Delator do orçamento secreto manejou sozinho R$ 152 milhões do esquema
O deputado José Rocha (União-BA) direcionou sozinho R$ 152 milhões em emendas do orçamento secreto. Rocha denunciou esquema ao STF
O deputado federal José Rocha (União-BA) direcionou sozinho R$ 152 milhões do orçamento secreto.
Os recursos deveriam ser repartidos de acordo com definição dos líderes partidários, mas o deputado ignorou o acordo e concentrou os valores em 84 cidades da Bahia, sua base eleitoral. A lista encaminhada unilateralmente por Rocha para o governo tinha apenas 34 cidades fora da Bahia.
Na época, o deputado era o presidente da comissão de Integração Nacional da Câmara e usou essa condição para alocar a maior parte das emendas de comissão para seu próprio reduto eleitoral em detrimento de todos os estados do Brasil. No total, foram R$ 88 milhões somente para a Bahia de um bolo de R$ 152 milhões.
José Rocha é o principal denunciante da investigação do Supremo Tribunal Federal que apura a destinação irregular de emendas parlamentares no Congresso. Em depoimento à PF, ele acusou o deputado Arthur Lira (PP-AL) de usar o orçamento secreto para beneficiar Alagoas.
Documentos em posse do Supremo no âmbito das investigações sobre o uso de emendas parlamentares mostram, contudo, que ele adotou esse procedimento que acusa.
Como se tratou de uma decisão unilateral, sem passar pela comissão ou submeter aos líderes, os deputados só descobriram o drible quando perceberam que suas emendas não estavam sendo pagas e o ministério revelou que seguia a lista de José Rocha.
O “bypass” foi identificado pela assessora parlamentar Mariângela Fialek, conhecida como Tuca, responsável por organizar as planilhas de emendas. Diante da revolta, o deputado foi instado a pedir ao governo que ignorasse a sua lista.
Chefe de Tuca à época, Lira acionou o governo para desfazer a iniciativa do colega. Mesmo assim, o deputado conseguiu direcionar R$ 53 milhões, valor bem acima dos demais colegas que, em média, indicaram em 2024 R$ 11 milhões de orçamento secreto.
Na última sexta-feira (12/12), o ministro Flávio Dino usou o depoimento de José Rocha para justificar busca e apreensão de documentos na casa de Fialek e na sala ocupada por ela na presidência da Câmara. Nenhum deputado foi alvo da ação.
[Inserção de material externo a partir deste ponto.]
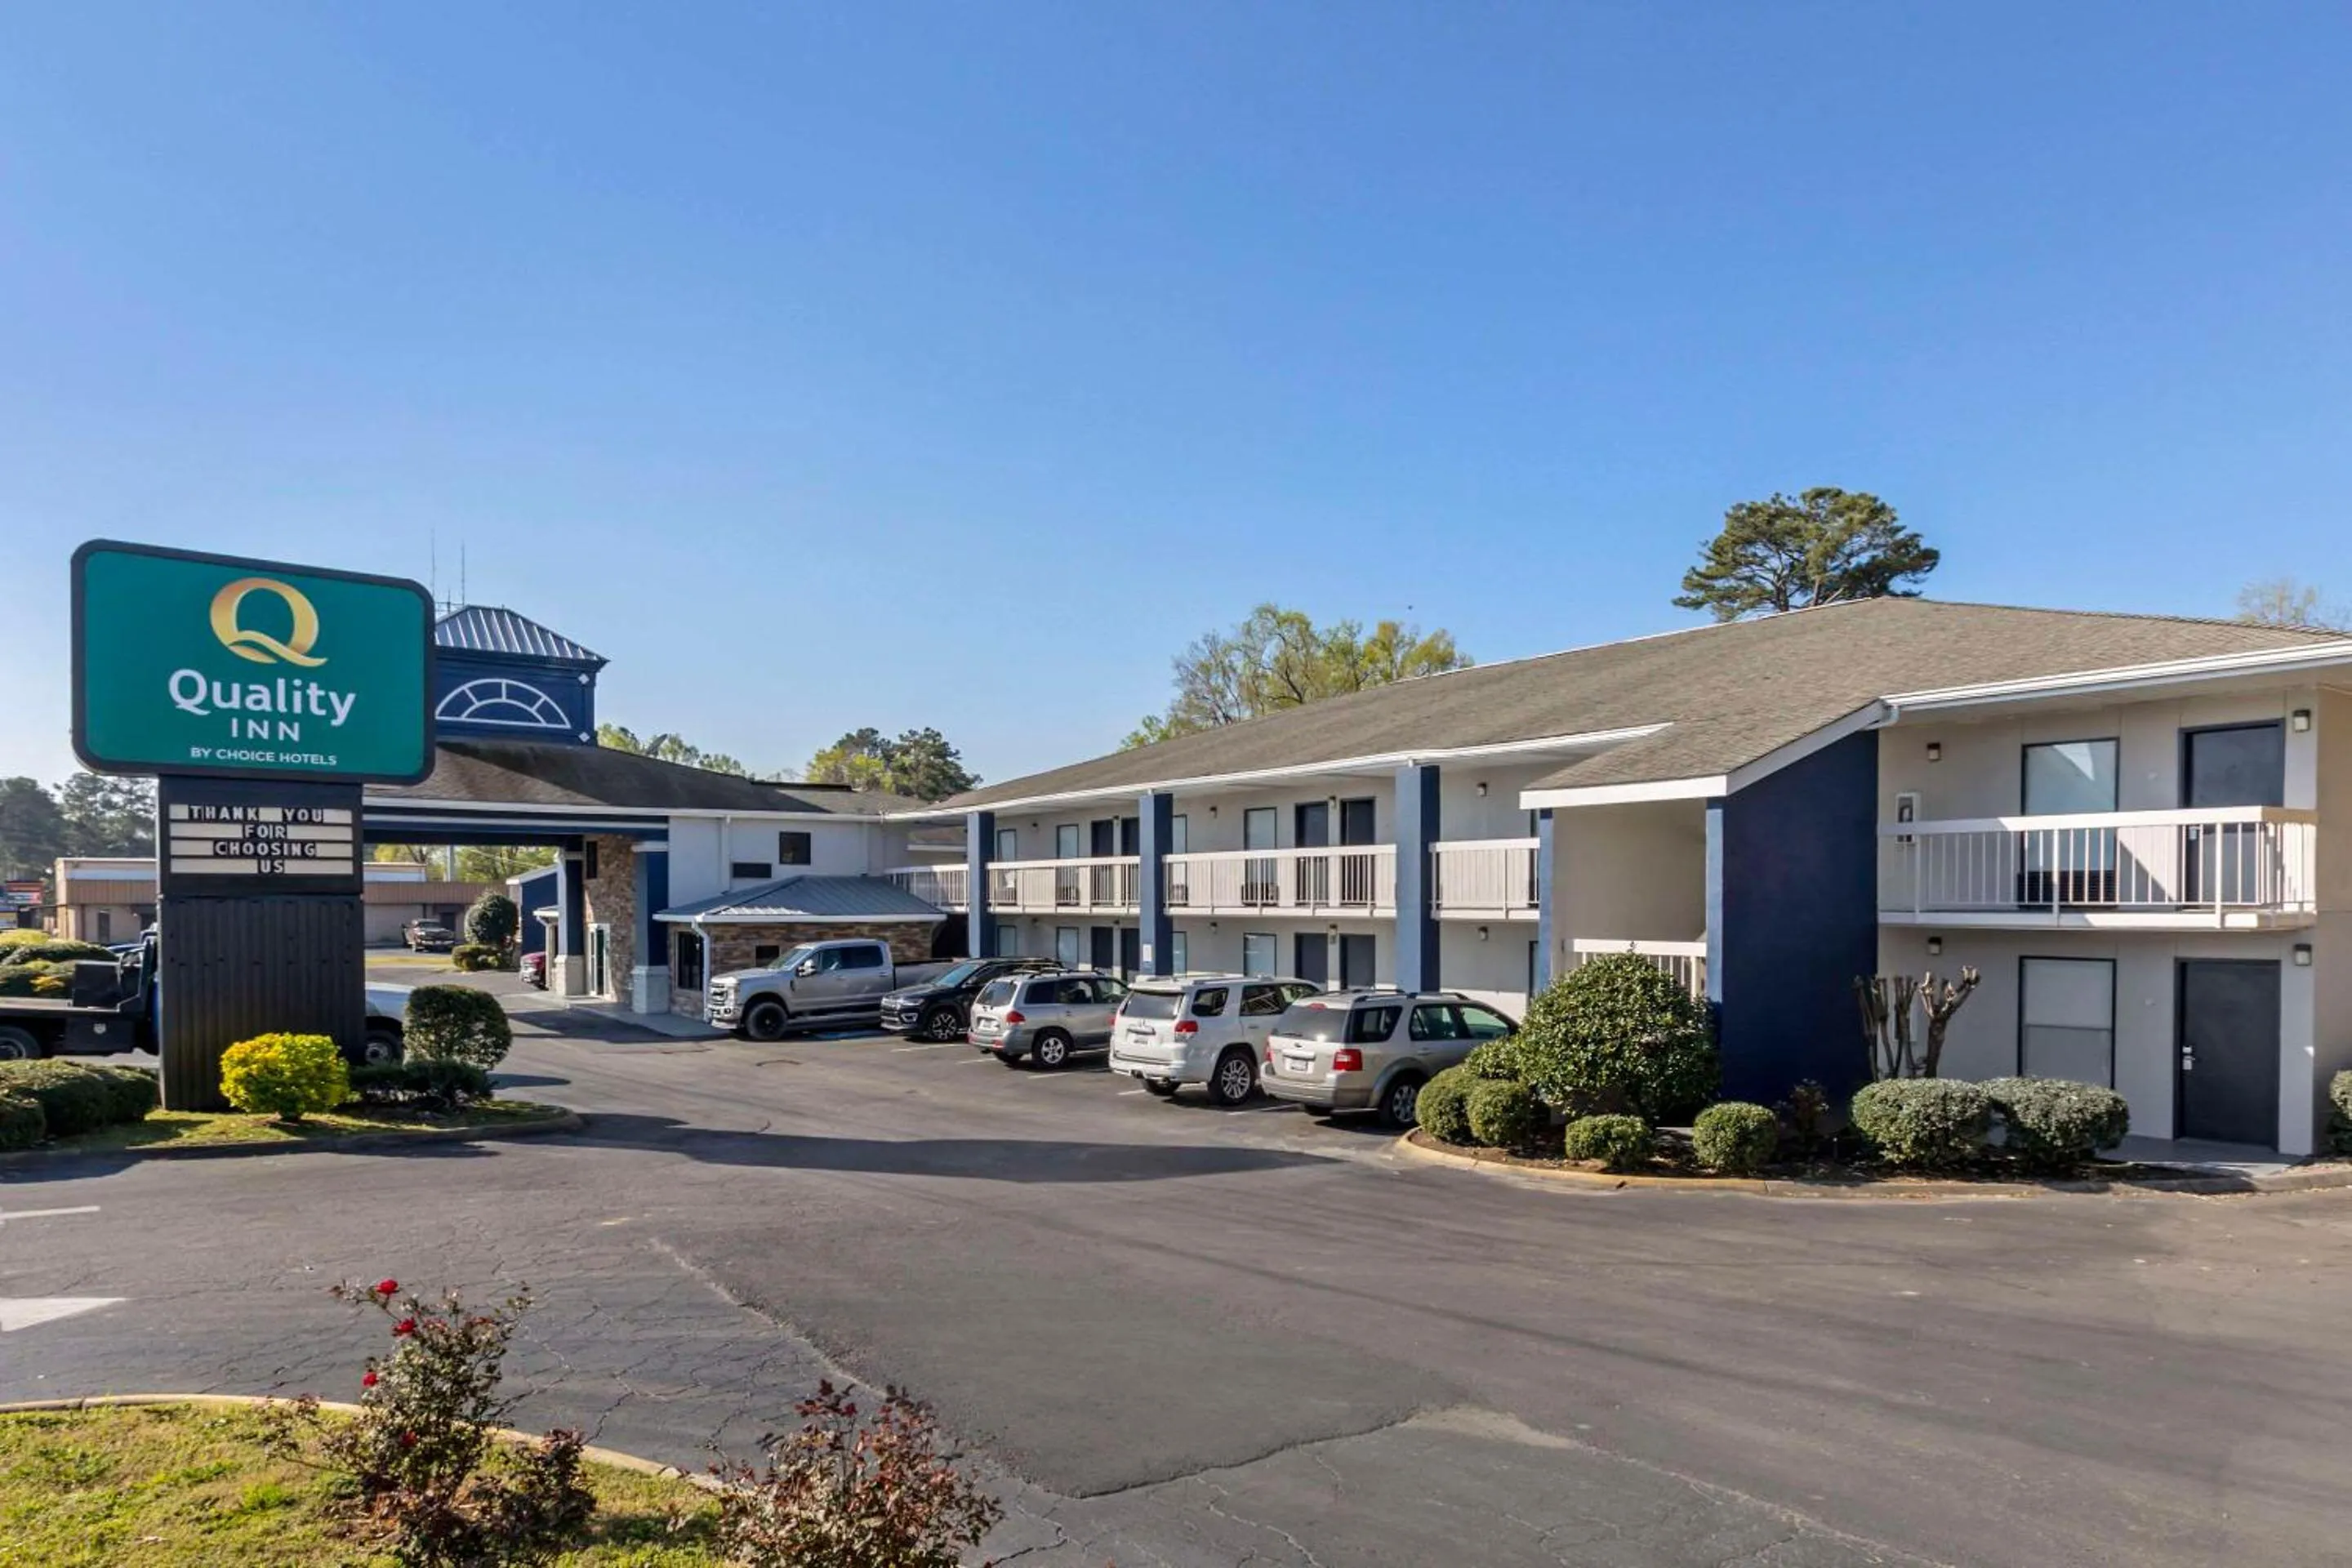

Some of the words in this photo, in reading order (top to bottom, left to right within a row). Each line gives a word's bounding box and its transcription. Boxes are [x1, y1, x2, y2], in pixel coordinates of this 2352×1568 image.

O papel de Tuca é receber dos líderes partidários os nomes dos deputados e o valor que cada um irá direcionar, organizar as informações em planilhas e enviar para o Ministério de Relações Institucionais.
A pasta, comandada pela ministra Gleisi Hoffmann (PT-PR), repassa para os ministérios a relação das emendas e determina os pagamentos. Deputados se queixam que as buscas autorizadas pelo ministro deveriam alcançar também o ministério, que fica um andar abaixo da sala do presidente Lula, onde também estão as listas dos contemplados com o orçamento secreto e de onde parte a ordem para pagamento das emendas.
Deputado diz desconhecer lista do orçamento secreto
Procurado, o deputado José Rocha questionou a integridade dos documentos ao qual a coluna teve acesso e negou que tenha usado o seu cargo de Presidente da Comissão de Integração para destinar emendas a seu favor.
José Rocha sustenta que a tentativa de envio de R$ 152 milhões é uma “invenção de quem tem culpa no cartório”.
A respeito dos valores destinados ao estado da Bahia, ele negou responsabilidade e disse que “não tinha competência” para distribuir as emendas da comissão porque “todas elas eram comandadas pelo presidente da Casa, Arthur Lira”.